The vars in each group saves you from specifying these for each host. The
ansible_python_interpreter
option was used to clear up warnings with the
default discovered value.
Intermission
At this point there are three things that we can test. The first is if Ansible is using our config file. Then if it understands the inventory file and lastly, we can try and ping some hosts.
$ ansible --version
The version argument will give us output confirming which config file Ansible is using:
config file = /home/leon/git/ansible/ansible.cfg
The plan, at the moment, is to keep all my Ansible files in one directory under version control in git. At some point I’ll look at roles and keep these under version control too.
$ ansible all --list-hosts
The list-hosts argument should print a list of hosts in the all group with no errors or warnings. This shows that Ansible is understanding what we did in the inventory file.
hosts (6):
rpi_a
rpi_b
rpi_c
rpi_far
At his point it is probably important to mention that you should be able to log into all your hosts from the managing host using ssh and an ssh key. I’ll add a post with some notes on setting this up later, but for now I am assuming that you can log into all your hosts using ssh and an ssh key without using a password.
Next, we can try and ping our hosts in the inventory file:
$ ansible all -m ping
The output from this should list something like this for each inventory host:
rpi_a | SUCCESS => {
"changed": false,
"ping": "pong"
}
It is possible to run ad-hoc commands on each host - https://docs.ansible.com/ansible/latest/user_guide/intro_adhoc.html. This allows you to, for example, easily check the date and time of each host.
$ ansible rpilocal -a /bin/date
You could get a fair bit done just with executing ad-hoc commands, but a much better way to automate (and document) repetitive tasks is to use playbooks.
Playbooks
Playbooks in Ansible is like a recipe of tasks that Ansible can perform on hosts in your inventory. The playbook is a repeatable list of tasks that can be executed. Most (but not necessarily all) modules and playbooks can be run once or multiple times and achieve the same end state. Ansible will check if the desired end state is already achieved and exit without performing the task.

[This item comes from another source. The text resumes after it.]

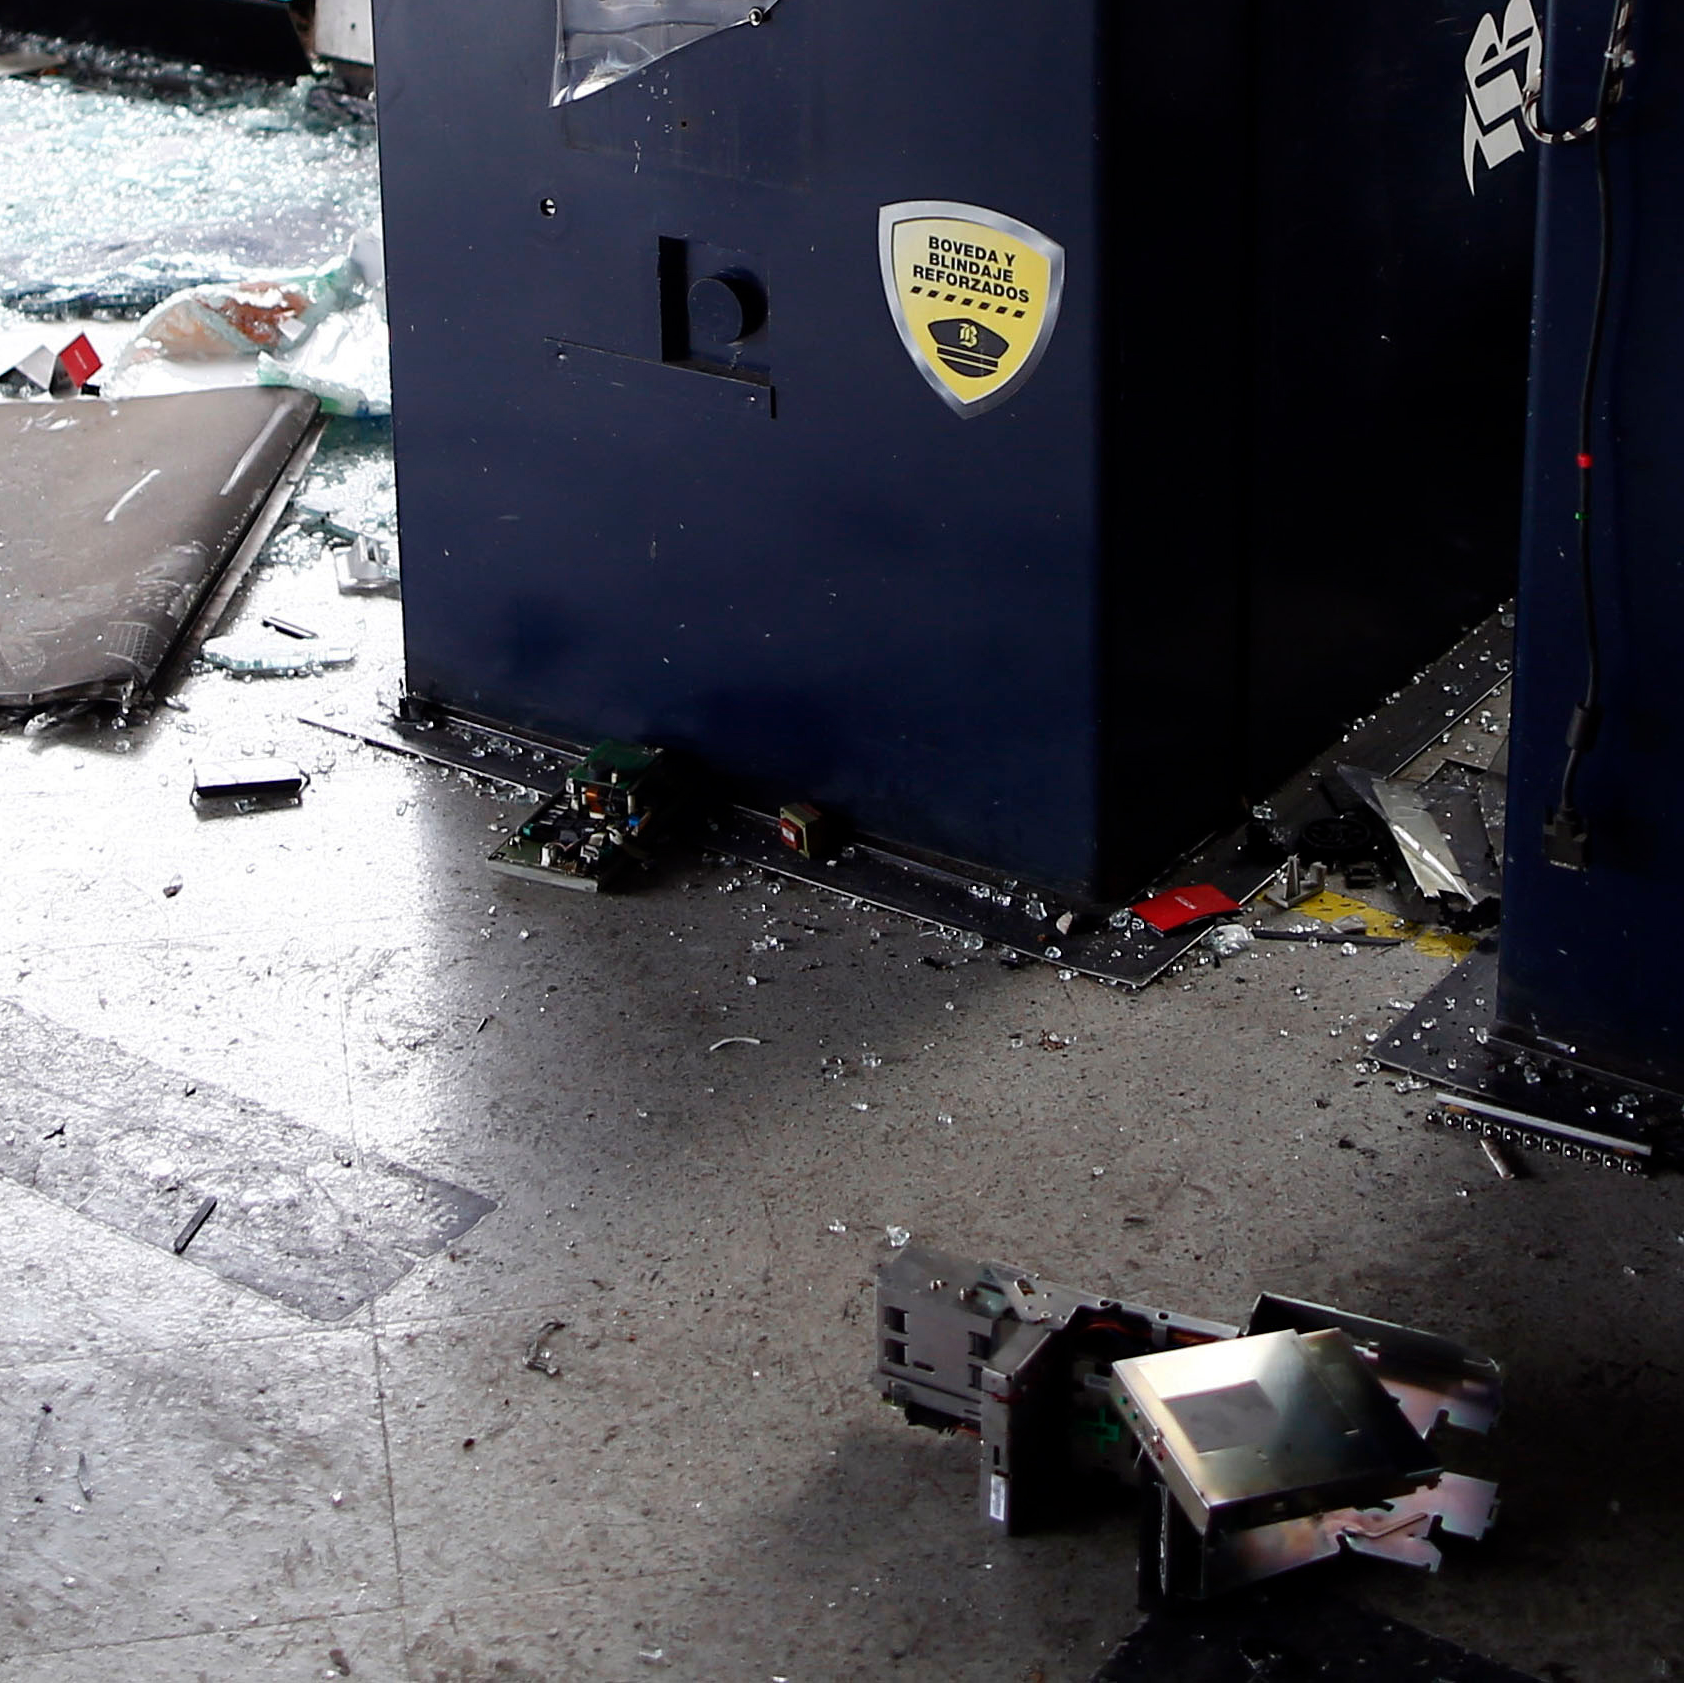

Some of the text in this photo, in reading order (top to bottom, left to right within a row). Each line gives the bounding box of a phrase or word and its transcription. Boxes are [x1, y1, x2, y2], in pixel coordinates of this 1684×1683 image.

The short playbook below (uninstall_pip.yml) will uninstall Ansible from the hosts in the all group and skip over hosts where Ansible is not installed.
---
- name: Uninstall pip package
hosts: all
vars:
packageToRemove: ansible
tasks:
- name: Remove pip package "{{ packageToRemove }}"
pip:
name: "{{ packageToRemove }}"
state: absent
You can run the playbook with:
$ ansible-playbook uninstall_pip.yml
And keeping hosts updated can be done with a playbook (update_upgrade.yml) that looks something like this:
---
- name: Update and upgrade OS
hosts: all
tasks:
- name: Update package list
become: true
apt:
update_cache: yes
upgrade: "yes"
cache_valid_time: 86400 # One day
You can run the playbook with:
$ ansible-playbook update_upgrade.yml
There is also check to see if hosts need to be rebooted after an upgrade, but I have not tested this.
Closing thoughts
Ansible is a way to document and automate the configuration of a host. Up to now I have been keeping notes of steps I used to configure hosts for projects. Ansible allows this process to be automated and documented at the same time.